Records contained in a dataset
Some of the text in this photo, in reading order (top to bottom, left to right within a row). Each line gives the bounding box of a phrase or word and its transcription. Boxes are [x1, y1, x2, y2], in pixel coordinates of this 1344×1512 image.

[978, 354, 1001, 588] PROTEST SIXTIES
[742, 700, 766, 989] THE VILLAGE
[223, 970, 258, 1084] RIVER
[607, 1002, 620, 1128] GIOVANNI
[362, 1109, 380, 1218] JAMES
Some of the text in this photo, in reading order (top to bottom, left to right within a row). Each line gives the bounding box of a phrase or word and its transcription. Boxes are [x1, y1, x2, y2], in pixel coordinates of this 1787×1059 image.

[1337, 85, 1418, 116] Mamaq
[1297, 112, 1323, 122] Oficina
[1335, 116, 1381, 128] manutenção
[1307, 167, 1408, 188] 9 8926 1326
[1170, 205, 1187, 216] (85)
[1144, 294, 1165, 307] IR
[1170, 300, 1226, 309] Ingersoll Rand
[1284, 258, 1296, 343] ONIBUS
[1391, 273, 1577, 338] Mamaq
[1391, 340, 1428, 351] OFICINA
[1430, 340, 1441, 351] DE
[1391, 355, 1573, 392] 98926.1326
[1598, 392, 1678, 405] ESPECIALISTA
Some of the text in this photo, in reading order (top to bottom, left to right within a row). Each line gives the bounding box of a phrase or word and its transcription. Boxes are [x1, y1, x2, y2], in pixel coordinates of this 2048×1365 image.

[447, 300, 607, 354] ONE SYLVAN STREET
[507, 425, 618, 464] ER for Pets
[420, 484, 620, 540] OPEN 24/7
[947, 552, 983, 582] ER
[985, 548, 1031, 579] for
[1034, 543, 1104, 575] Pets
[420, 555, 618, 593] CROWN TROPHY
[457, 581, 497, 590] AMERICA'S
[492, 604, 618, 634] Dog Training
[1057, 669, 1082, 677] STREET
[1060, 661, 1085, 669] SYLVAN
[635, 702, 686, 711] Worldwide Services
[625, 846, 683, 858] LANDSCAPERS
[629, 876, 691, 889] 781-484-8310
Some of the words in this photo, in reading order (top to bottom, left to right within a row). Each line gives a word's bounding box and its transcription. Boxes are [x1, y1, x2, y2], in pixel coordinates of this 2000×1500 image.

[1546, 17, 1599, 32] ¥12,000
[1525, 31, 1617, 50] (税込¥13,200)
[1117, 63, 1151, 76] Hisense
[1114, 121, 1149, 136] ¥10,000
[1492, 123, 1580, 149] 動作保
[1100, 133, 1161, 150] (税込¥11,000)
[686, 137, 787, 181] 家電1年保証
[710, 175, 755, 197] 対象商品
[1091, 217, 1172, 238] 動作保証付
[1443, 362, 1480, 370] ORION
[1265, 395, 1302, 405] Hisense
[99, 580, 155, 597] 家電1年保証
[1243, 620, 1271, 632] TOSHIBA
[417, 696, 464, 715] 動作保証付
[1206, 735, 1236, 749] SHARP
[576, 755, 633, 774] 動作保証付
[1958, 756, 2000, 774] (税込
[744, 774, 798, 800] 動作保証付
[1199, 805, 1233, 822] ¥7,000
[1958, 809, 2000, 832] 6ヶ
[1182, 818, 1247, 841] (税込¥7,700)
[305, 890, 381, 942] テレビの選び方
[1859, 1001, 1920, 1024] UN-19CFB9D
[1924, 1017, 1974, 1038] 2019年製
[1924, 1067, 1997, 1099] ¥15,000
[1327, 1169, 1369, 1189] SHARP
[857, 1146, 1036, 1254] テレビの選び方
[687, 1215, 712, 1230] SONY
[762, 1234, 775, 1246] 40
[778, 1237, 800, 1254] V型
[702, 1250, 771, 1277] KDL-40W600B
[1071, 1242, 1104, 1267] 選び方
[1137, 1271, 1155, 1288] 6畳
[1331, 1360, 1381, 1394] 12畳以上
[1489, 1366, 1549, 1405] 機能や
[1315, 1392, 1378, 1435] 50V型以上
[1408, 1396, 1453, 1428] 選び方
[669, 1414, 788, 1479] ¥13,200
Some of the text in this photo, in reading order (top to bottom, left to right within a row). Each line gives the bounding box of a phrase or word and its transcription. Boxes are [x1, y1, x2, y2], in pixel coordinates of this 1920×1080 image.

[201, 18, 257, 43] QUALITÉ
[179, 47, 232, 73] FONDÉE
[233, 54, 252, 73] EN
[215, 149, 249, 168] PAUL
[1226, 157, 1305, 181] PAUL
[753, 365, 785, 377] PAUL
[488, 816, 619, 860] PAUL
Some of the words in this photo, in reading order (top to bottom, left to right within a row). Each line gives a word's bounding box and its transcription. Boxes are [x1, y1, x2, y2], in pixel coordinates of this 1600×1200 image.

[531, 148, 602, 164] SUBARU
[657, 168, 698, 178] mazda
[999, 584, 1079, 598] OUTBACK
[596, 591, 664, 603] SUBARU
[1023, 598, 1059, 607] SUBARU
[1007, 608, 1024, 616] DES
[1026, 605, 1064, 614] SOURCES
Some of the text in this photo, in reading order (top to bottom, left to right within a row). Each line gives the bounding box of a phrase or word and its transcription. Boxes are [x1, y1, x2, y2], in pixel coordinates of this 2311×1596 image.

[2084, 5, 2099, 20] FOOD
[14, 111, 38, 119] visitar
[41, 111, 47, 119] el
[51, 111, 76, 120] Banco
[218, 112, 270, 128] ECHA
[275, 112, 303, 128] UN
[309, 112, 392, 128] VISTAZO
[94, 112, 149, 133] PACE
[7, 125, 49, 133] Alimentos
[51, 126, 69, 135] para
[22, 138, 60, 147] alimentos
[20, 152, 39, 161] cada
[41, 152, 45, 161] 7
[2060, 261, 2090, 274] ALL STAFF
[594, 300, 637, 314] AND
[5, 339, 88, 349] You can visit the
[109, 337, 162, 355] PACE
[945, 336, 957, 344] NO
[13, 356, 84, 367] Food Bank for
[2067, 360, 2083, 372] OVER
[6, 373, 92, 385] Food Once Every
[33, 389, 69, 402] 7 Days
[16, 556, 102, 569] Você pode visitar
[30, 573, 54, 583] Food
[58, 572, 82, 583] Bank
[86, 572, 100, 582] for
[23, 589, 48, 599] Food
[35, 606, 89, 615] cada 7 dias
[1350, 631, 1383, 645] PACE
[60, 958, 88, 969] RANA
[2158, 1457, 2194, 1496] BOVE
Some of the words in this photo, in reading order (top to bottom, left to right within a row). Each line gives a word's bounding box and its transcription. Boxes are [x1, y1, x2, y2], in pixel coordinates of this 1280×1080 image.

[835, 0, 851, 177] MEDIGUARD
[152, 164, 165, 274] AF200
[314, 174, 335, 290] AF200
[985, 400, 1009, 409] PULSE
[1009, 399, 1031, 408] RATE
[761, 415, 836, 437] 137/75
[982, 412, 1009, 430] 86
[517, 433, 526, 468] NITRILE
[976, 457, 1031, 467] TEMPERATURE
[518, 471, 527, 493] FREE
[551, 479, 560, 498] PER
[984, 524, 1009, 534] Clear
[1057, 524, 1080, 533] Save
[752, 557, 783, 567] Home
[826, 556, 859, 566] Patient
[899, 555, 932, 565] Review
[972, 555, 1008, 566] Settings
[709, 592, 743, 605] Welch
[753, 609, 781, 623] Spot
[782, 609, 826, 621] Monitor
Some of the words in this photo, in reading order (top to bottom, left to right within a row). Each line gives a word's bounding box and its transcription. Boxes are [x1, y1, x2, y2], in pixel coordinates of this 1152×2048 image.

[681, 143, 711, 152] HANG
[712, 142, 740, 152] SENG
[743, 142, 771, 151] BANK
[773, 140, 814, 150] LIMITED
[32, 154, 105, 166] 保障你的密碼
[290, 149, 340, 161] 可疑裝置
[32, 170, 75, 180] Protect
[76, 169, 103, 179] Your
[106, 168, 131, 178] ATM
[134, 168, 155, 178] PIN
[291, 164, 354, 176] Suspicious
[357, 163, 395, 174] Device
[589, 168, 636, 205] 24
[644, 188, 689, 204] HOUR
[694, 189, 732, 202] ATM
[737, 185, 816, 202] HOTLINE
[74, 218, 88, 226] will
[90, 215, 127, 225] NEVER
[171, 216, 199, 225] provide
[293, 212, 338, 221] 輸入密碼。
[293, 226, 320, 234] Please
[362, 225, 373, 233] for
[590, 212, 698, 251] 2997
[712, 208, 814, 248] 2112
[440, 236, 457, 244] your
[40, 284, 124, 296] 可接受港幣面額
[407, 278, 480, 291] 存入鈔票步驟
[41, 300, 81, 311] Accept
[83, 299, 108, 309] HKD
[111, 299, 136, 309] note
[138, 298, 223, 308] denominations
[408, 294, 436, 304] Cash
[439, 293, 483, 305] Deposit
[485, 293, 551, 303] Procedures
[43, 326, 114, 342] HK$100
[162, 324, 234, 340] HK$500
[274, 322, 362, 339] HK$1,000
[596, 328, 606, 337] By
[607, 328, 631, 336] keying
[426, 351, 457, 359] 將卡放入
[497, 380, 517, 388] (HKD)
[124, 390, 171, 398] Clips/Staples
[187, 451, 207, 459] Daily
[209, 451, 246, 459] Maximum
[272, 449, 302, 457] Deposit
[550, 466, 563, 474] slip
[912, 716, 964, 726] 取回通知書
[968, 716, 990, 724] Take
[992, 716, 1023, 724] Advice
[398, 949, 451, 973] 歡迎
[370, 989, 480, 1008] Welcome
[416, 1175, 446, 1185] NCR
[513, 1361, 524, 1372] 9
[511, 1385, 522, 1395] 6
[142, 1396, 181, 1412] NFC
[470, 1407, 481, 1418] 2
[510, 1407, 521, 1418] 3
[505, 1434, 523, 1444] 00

■ **Exercise instructions**
Your answer should hold exactly the lines from the one containing "this 1152×2048 image." to the last line of the data, both included, and no others.

■ **Answer below**
Some of the words in this photo, in reading order (top to bottom, left to right within a row). Each line gives a word's bounding box and its transcription. Boxes are [x1, y1, x2, y2], in pixel coordinates of this 1152×2048 image.

[681, 143, 711, 152] HANG
[712, 142, 740, 152] SENG
[743, 142, 771, 151] BANK
[773, 140, 814, 150] LIMITED
[32, 154, 105, 166] 保障你的密碼
[290, 149, 340, 161] 可疑裝置
[32, 170, 75, 180] Protect
[76, 169, 103, 179] Your
[106, 168, 131, 178] ATM
[134, 168, 155, 178] PIN
[291, 164, 354, 176] Suspicious
[357, 163, 395, 174] Device
[589, 168, 636, 205] 24
[644, 188, 689, 204] HOUR
[694, 189, 732, 202] ATM
[737, 185, 816, 202] HOTLINE
[74, 218, 88, 226] will
[90, 215, 127, 225] NEVER
[171, 216, 199, 225] provide
[293, 212, 338, 221] 輸入密碼。
[293, 226, 320, 234] Please
[362, 225, 373, 233] for
[590, 212, 698, 251] 2997
[712, 208, 814, 248] 2112
[440, 236, 457, 244] your
[40, 284, 124, 296] 可接受港幣面額
[407, 278, 480, 291] 存入鈔票步驟
[41, 300, 81, 311] Accept
[83, 299, 108, 309] HKD
[111, 299, 136, 309] note
[138, 298, 223, 308] denominations
[408, 294, 436, 304] Cash
[439, 293, 483, 305] Deposit
[485, 293, 551, 303] Procedures
[43, 326, 114, 342] HK$100
[162, 324, 234, 340] HK$500
[274, 322, 362, 339] HK$1,000
[596, 328, 606, 337] By
[607, 328, 631, 336] keying
[426, 351, 457, 359] 將卡放入
[497, 380, 517, 388] (HKD)
[124, 390, 171, 398] Clips/Staples
[187, 451, 207, 459] Daily
[209, 451, 246, 459] Maximum
[272, 449, 302, 457] Deposit
[550, 466, 563, 474] slip
[912, 716, 964, 726] 取回通知書
[968, 716, 990, 724] Take
[992, 716, 1023, 724] Advice
[398, 949, 451, 973] 歡迎
[370, 989, 480, 1008] Welcome
[416, 1175, 446, 1185] NCR
[513, 1361, 524, 1372] 9
[511, 1385, 522, 1395] 6
[142, 1396, 181, 1412] NFC
[470, 1407, 481, 1418] 2
[510, 1407, 521, 1418] 3
[505, 1434, 523, 1444] 00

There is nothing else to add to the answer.